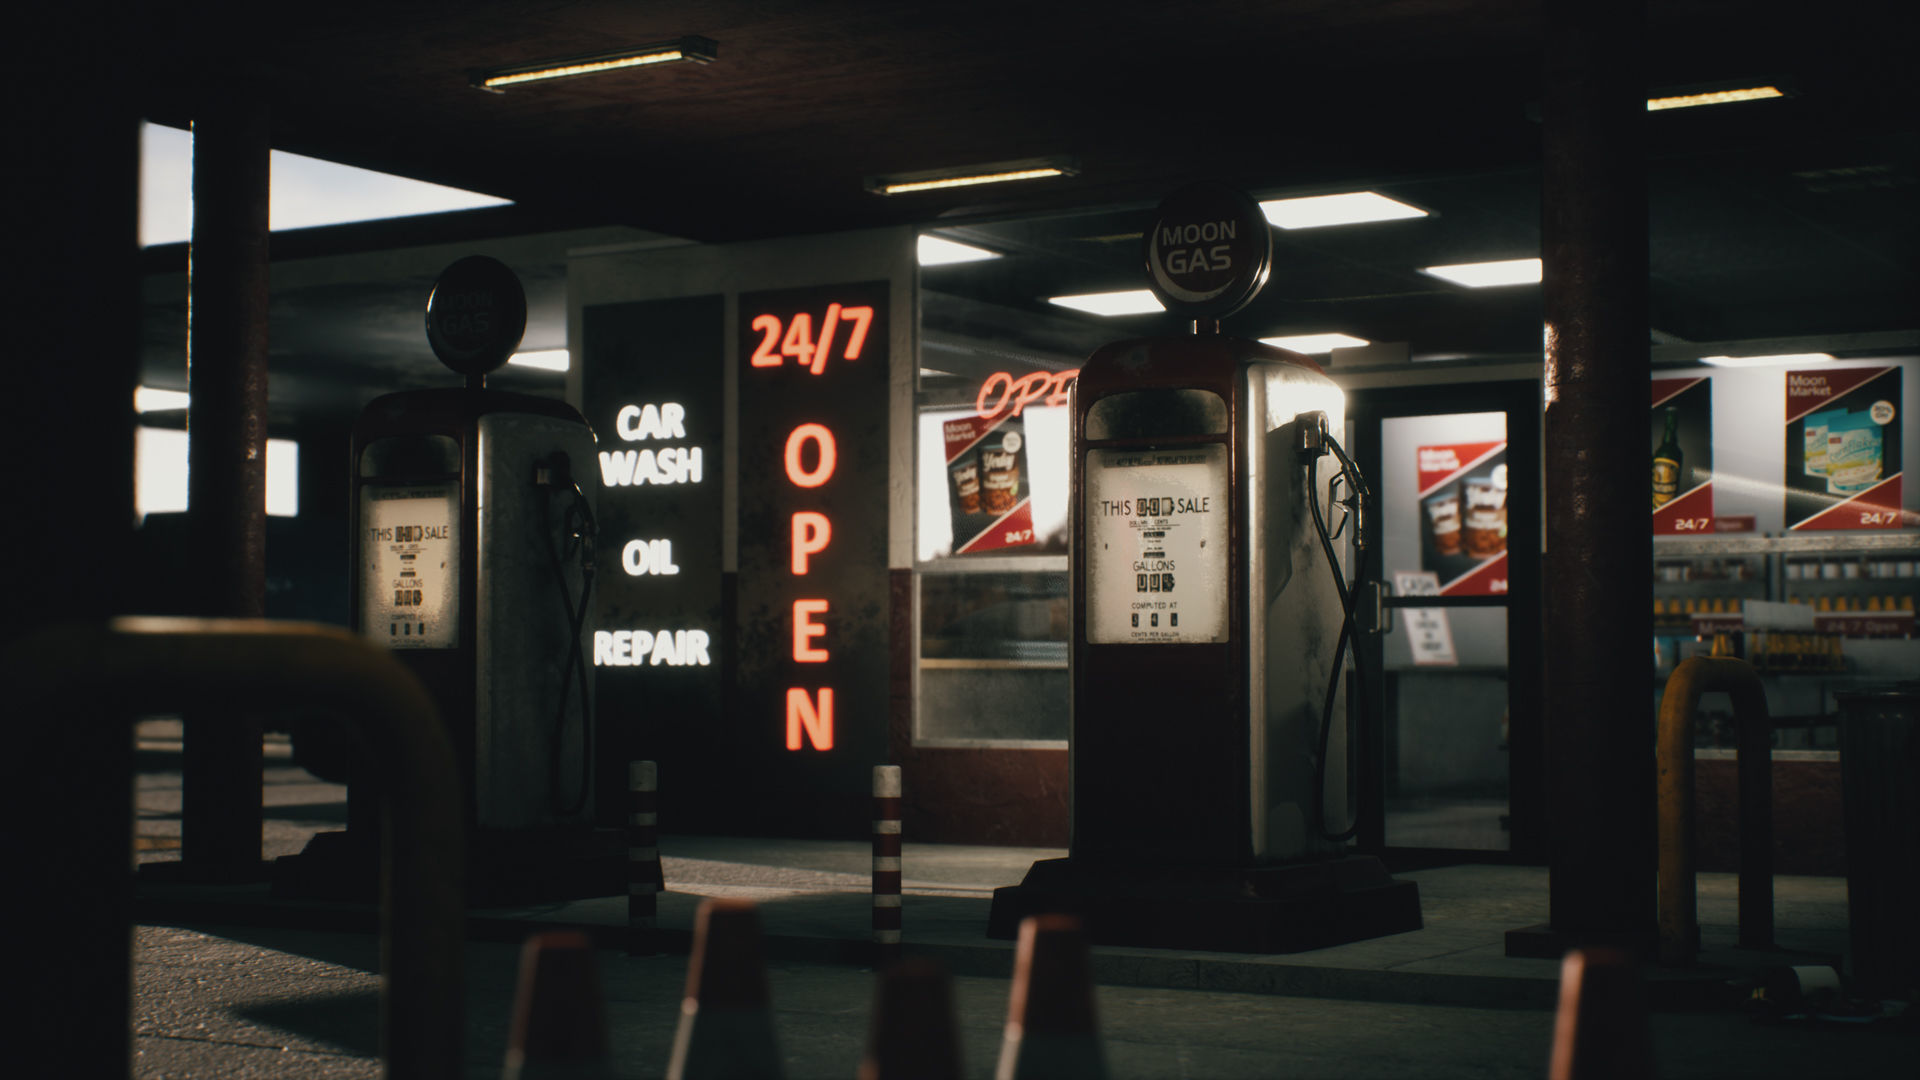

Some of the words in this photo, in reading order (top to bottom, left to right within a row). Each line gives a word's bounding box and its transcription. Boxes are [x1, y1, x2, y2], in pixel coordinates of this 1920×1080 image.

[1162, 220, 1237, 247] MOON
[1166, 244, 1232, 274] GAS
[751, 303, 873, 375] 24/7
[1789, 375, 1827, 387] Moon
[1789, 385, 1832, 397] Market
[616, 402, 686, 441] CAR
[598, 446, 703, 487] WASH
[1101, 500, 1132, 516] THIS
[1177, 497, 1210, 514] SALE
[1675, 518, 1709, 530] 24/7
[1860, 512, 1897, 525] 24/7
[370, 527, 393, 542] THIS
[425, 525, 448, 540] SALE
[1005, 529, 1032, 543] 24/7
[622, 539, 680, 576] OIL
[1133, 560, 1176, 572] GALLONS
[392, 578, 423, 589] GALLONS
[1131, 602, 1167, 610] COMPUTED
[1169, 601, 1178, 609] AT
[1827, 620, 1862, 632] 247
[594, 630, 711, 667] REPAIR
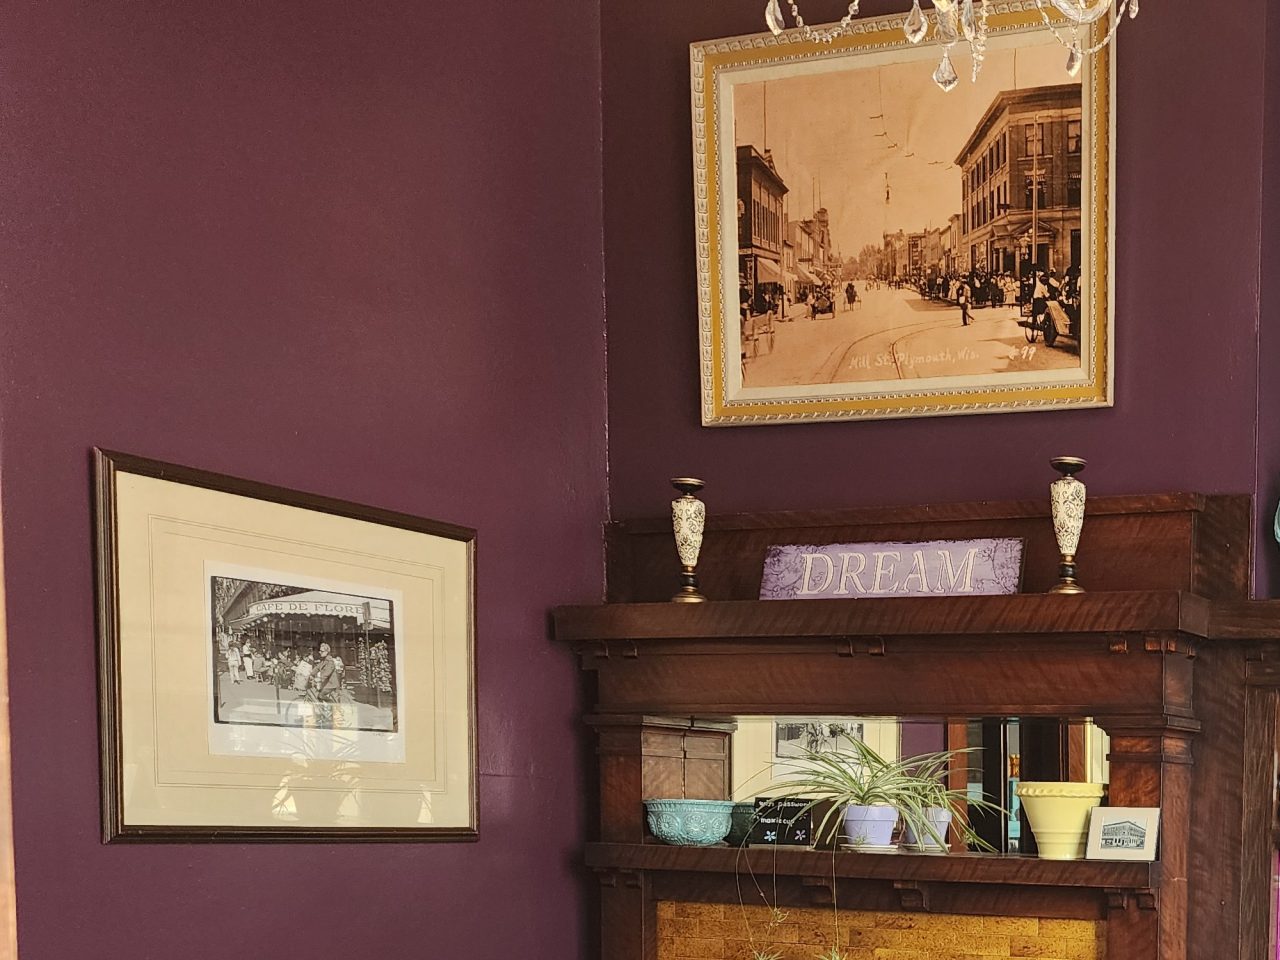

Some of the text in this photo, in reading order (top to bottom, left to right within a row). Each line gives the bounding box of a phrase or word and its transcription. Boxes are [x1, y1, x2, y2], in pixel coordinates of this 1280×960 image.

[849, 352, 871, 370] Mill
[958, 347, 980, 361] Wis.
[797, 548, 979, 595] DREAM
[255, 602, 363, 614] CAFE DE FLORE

Your assignment:
Copy the entries exactly. Leave out the images.

Answer to the problem:
Some of the words in this photo, in reading order (top to bottom, left to right within a row). Each line gives a word's bounding box and its transcription. Boxes are [x1, y1, x2, y2], in pixel coordinates of this 1920×1080 image.

[1162, 220, 1237, 247] MOON
[1166, 244, 1232, 274] GAS
[751, 303, 873, 375] 24/7
[1789, 375, 1827, 387] Moon
[1789, 385, 1832, 397] Market
[616, 402, 686, 441] CAR
[598, 446, 703, 487] WASH
[1101, 500, 1132, 516] THIS
[1177, 497, 1210, 514] SALE
[1675, 518, 1709, 530] 24/7
[1860, 512, 1897, 525] 24/7
[370, 527, 393, 542] THIS
[425, 525, 448, 540] SALE
[1005, 529, 1032, 543] 24/7
[622, 539, 680, 576] OIL
[1133, 560, 1176, 572] GALLONS
[392, 578, 423, 589] GALLONS
[1131, 602, 1167, 610] COMPUTED
[1169, 601, 1178, 609] AT
[1827, 620, 1862, 632] 247
[594, 630, 711, 667] REPAIR

Some of the text in this photo, in reading order (top to bottom, left to right within a row). Each line gives the bounding box of a phrase or word and its transcription. Boxes are [x1, y1, x2, y2], in pixel coordinates of this 1280×960 image.

[849, 352, 871, 370] Mill
[958, 347, 980, 361] Wis.
[797, 548, 979, 595] DREAM
[255, 602, 363, 614] CAFE DE FLORE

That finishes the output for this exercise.